TASK STATEMENT
Write out the data word for word and omit every picture.

DATA FOR REVIEW below:

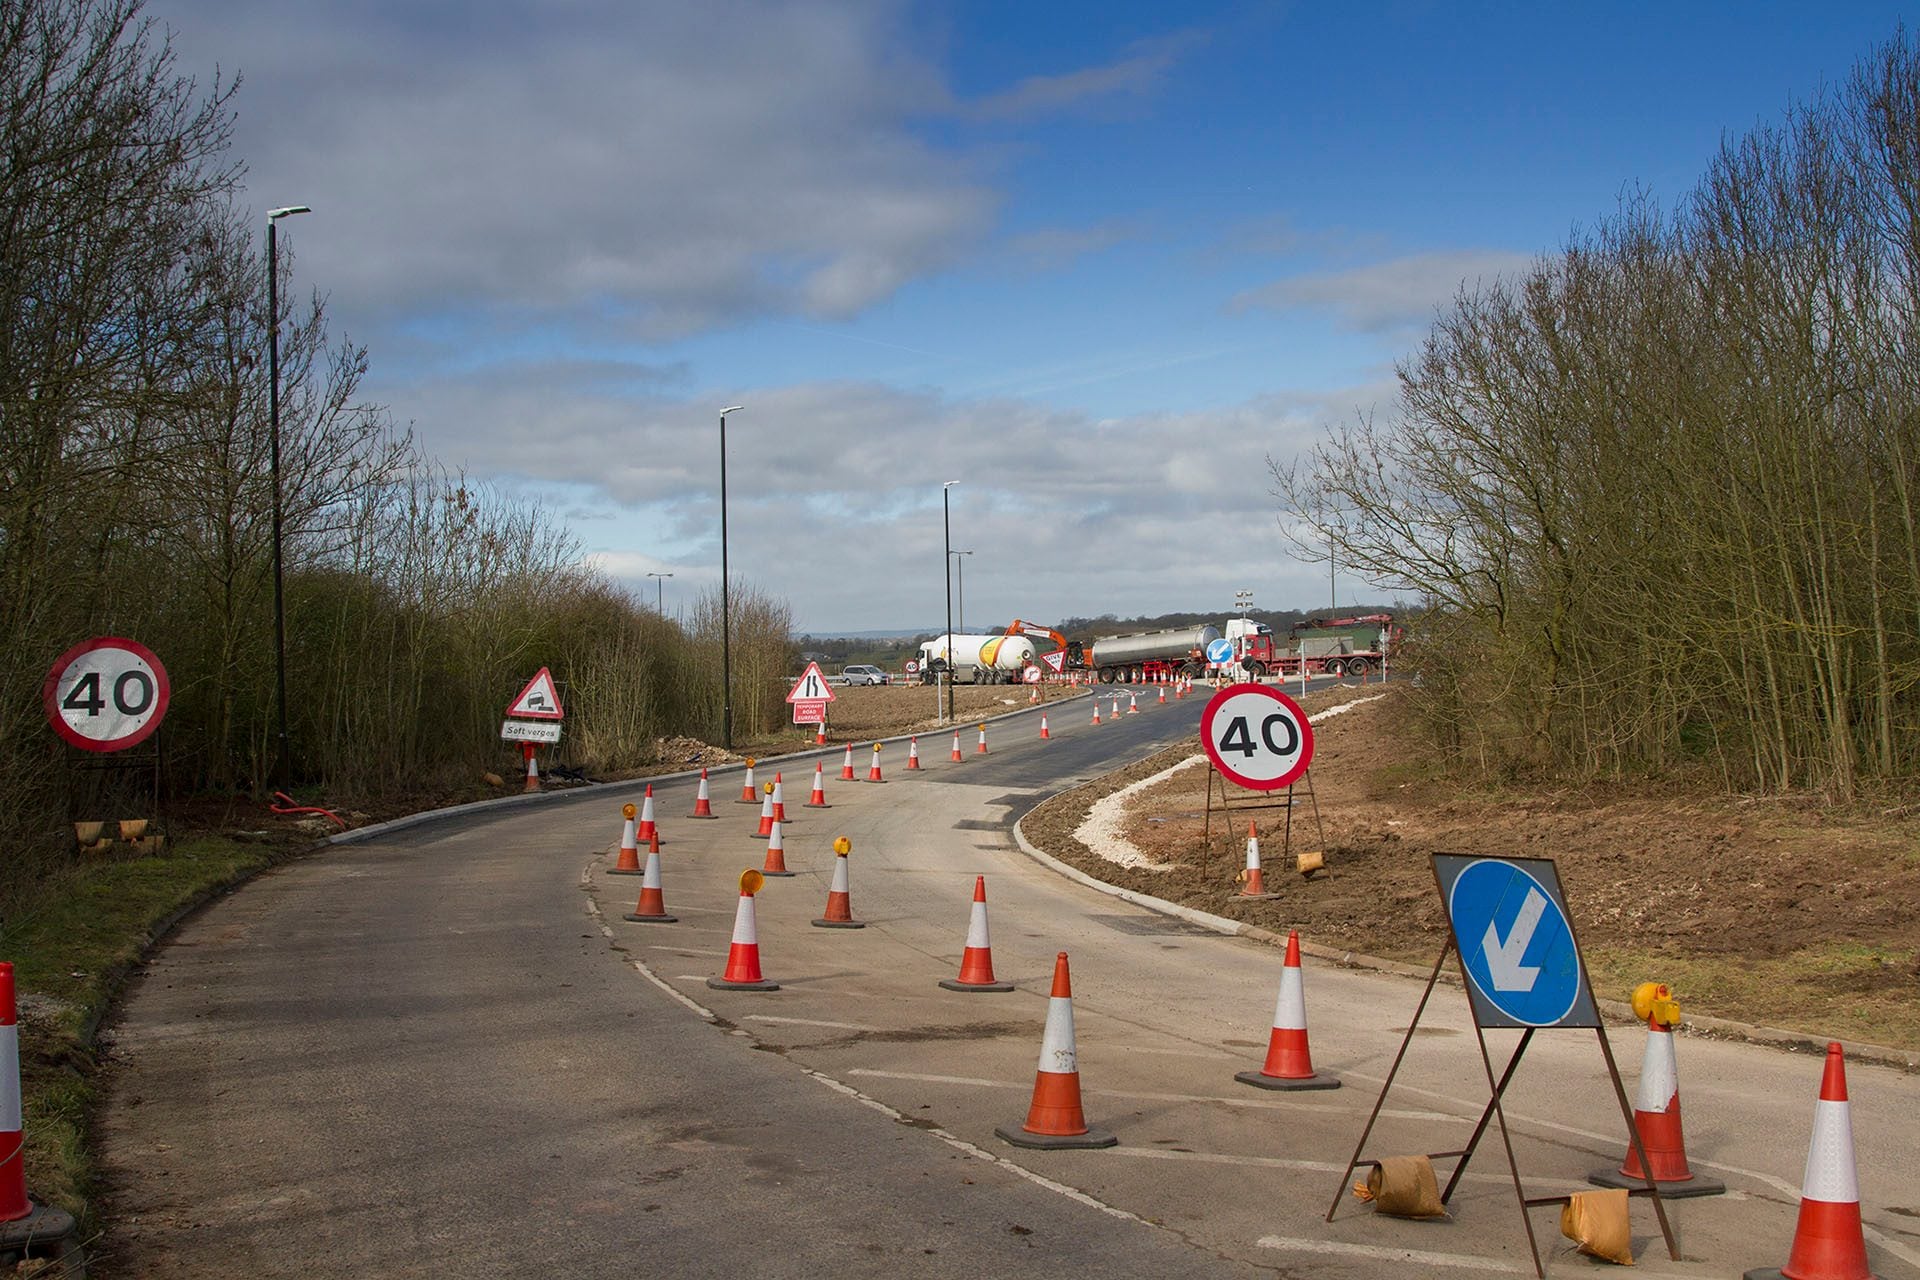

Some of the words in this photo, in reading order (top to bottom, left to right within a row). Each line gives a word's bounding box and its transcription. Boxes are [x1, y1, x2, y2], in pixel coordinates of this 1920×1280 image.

[63, 670, 154, 716] 40
[507, 726, 526, 735] Soft
[527, 729, 555, 737] verges
[1219, 713, 1299, 757] 40
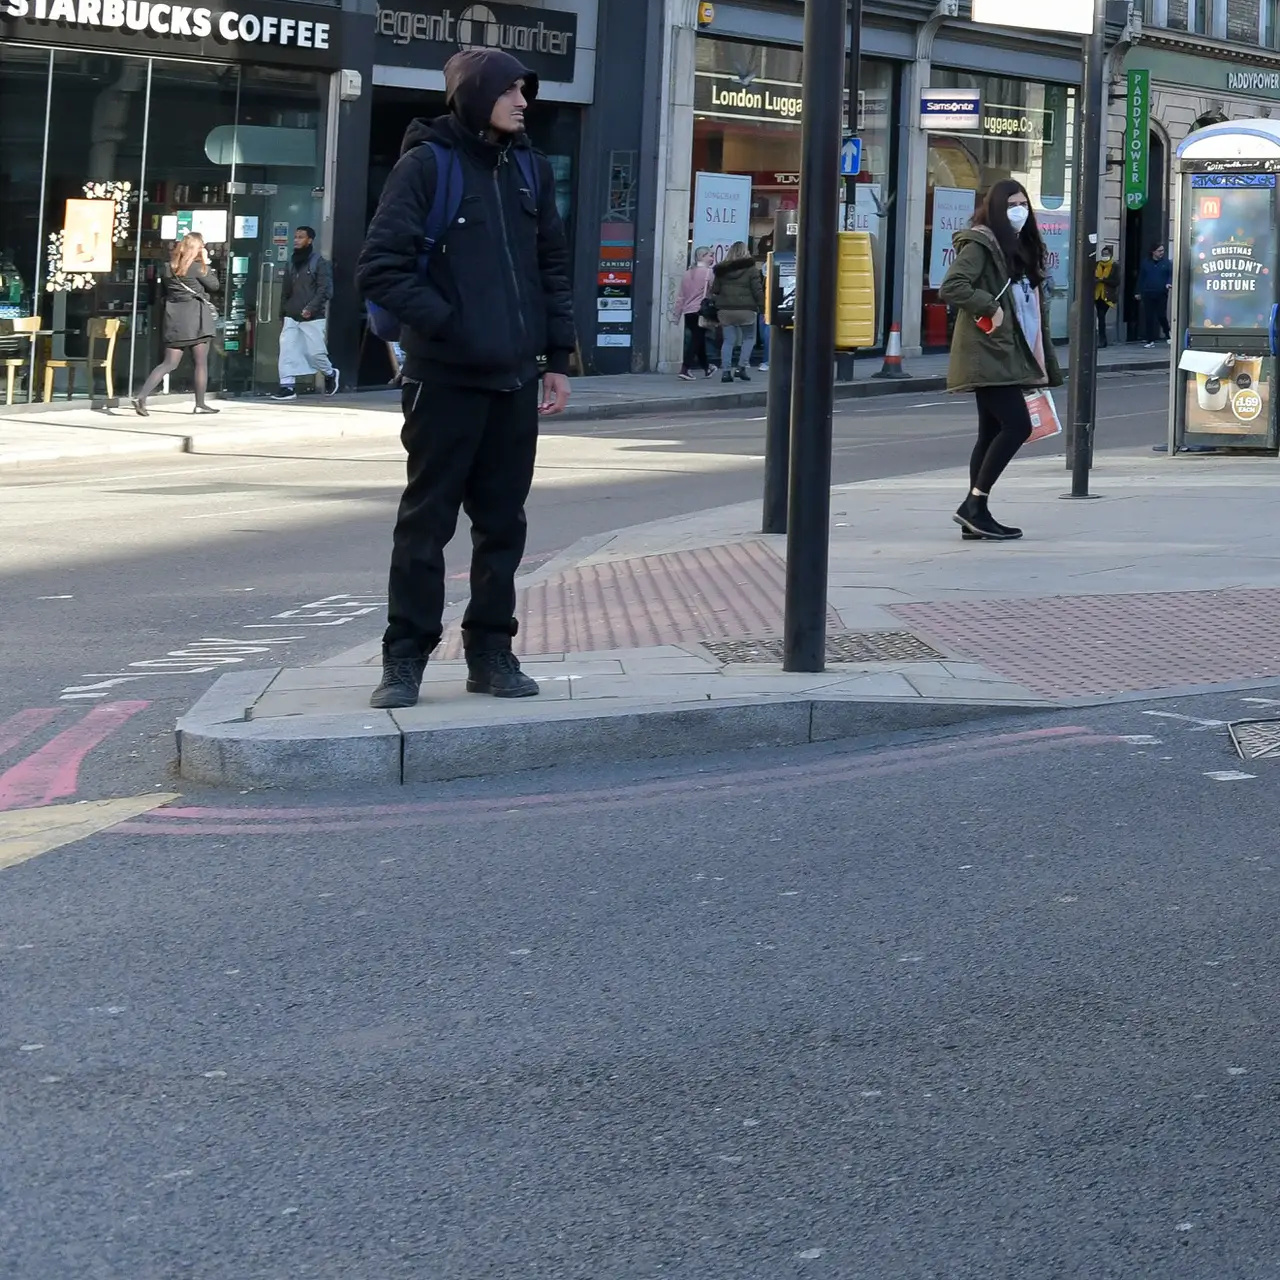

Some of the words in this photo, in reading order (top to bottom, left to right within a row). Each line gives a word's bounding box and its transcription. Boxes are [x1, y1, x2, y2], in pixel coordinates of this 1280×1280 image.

End of DATA FOR REVIEW.

RESULT OF THIS EXERCISE
Some of the words in this photo, in reading order (top to bottom, left to right within a row). Each line gives a word's bounding box and its transcription. Boxes are [x1, y1, x2, y2], in pixel coordinates of this 1920×1280 image.

[63, 670, 154, 716] 40
[507, 726, 526, 735] Soft
[527, 729, 555, 737] verges
[1219, 713, 1299, 757] 40

Some of the words in this photo, in reading order (top to bottom, left to right within a row). Each line gives a word's bounding box and its transcription. Boxes are [x1, y1, x2, y2], in pixel coordinates of this 1280×1280 image.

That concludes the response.